От Монтеня до Арагона - Моруа Андре. Страница 131
Второе искушение: женщины. Чистоплотный, элегантный, кокетливый, всегда, как и Жироду, прекрасно одетый, Лафонтен не отличался нравственностью в сердечных делах. Юный Расин носил в кармане Софокла и Еврипида; Лафонтен — Рабле и Боккаччо; Лафонтен непостоянен. С восторгом открывает он, что между болтливыми обманщицами, которых он описывал в своих сказках, и совершенными, но несуществующими женщинами, которых воспел в «Адонисе» [740], есть промежуточная разновидность: светская женщина, тоже лживая, но прекрасная и умная (мадам д'Юксель, де Севинье и мадемуазель де Скюдери) [741]. «Этот рассеянный чудак, говоривший о гнездах, росе, люцерне, должен был нравиться женщинам», — замечает Фарг. Однако взаимная склонность между Лафонтеном и светскими женщинами никогда не шла дальше «этого торжества аллегории, которое представляет собой дружба». В остальном он довольствовался, по собственным словам, местными красотками, встреченными в путешествиях, в Потье и даже Беллаке.

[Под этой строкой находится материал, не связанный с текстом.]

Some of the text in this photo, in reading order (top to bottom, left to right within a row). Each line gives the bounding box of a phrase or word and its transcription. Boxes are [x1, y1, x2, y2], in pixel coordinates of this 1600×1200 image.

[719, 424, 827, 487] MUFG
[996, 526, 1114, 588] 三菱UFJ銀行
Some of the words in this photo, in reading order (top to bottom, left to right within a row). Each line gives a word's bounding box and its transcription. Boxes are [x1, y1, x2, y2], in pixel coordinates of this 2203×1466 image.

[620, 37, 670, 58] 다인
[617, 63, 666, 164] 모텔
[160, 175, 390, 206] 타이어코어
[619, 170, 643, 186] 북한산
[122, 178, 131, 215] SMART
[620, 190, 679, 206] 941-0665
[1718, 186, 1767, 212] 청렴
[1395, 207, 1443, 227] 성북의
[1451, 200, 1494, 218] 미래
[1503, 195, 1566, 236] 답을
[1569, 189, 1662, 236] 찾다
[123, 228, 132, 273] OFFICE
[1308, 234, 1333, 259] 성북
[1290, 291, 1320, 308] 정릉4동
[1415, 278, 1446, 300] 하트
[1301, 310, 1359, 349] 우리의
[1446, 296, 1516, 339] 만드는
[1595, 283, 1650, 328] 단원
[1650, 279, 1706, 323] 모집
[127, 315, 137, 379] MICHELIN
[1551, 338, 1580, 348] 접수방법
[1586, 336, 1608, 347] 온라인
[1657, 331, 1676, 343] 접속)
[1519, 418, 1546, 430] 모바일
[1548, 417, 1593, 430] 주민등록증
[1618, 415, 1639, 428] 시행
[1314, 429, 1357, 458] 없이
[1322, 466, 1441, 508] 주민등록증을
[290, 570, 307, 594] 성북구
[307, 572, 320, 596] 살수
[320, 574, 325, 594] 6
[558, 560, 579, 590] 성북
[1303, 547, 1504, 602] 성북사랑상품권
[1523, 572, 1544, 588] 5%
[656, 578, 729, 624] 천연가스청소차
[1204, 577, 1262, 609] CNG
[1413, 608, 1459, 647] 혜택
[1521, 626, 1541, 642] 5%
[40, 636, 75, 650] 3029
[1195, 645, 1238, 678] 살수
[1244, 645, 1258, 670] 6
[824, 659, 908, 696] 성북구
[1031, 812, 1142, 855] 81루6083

Третье искушение: свет. Лафонтен, как и Жироду, испытал его. Для одного это была академия, для другого — карьера. Но оба остались свободными среди светских людей. Лафонтен защищал впавшего в немилость Фуке [742], как Жироду — Бертело, и написал «Мор зверей» [743], резкую сатиру на придворных. Расин и Буало воспевали Людовика XIV, но ни Лабрюйер, ни Лафонтен не пошли на это. Жироду стремился пропагандировать Францию, но никогда — Ребандара.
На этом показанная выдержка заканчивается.